He’s no Rosie the Robot, but geeks could fall madly in love with AndyVision, the newest innovation dreamed up by Carnegie Mellon University researchers.
AndyVision manages inventory, but his influence might go farther than that, reports Motherboard’s Adam Clark Estes. Researchers say the lightweight, red-hoodied robot was built to “transform the shopping experience.”
Here, Estes explains how the “mechanised messenger” works:
“With the help of a video camera and an onboard computer that combines image-processing with machine learning algorithms, it can patrol the aisles counting stock and scanning for misplaced items … The data from the inventory scans are all sent to a large touchscreen, where customers can browse through what’s available in the store.”
Sounds novel, if not a bit scary for any retail worker reading this. That said, we’re pretty stoked for the day when we no longer have to rummage through untold piles of merchandise to find a coveted pair of jeans or size 7 shoes.
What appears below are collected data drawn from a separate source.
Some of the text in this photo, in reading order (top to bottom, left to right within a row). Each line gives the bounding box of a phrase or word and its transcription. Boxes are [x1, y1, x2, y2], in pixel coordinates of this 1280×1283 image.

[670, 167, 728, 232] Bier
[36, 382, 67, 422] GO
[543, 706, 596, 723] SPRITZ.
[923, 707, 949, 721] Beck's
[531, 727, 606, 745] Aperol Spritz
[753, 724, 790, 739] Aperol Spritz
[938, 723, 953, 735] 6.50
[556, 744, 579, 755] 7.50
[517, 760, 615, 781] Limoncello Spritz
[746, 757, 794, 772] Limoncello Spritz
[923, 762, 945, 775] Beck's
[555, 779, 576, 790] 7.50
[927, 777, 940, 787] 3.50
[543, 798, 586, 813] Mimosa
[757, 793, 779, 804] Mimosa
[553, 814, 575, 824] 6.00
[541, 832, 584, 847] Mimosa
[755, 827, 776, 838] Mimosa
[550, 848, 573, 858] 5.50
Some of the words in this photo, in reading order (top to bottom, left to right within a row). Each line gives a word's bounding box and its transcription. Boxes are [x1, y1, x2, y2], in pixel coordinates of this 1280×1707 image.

“The idea for AndyVision was born out of me being a shopper,” said Priya Narasimhan, an associate professor and AndyVision’s team member. “I go to a lot of stores and I find it very difficult to find the items I want, and sometimes I leave when I don’t find what I want.”
No wonder AndyVision, who’s still in the prototype phase, is part of Narasimhan’s gig heading up the Intel Science and Technology centre’s “Retail 2020” project. Researchers hope he and other in-store robots will improve the retail industry by freeing reps from the shackles of mundane tasks like clothes folding to help customers navigate the store and make sense of owner’s manuals.
Researchers also think AndyVision could help retailers get more for their payrolls, ramping up service and streamlining inventory without having to bring more humans on board. This sounds like a win-win for everyone—better service, real-time information and less time scrambling for out-of-stock or misplaced merchandise.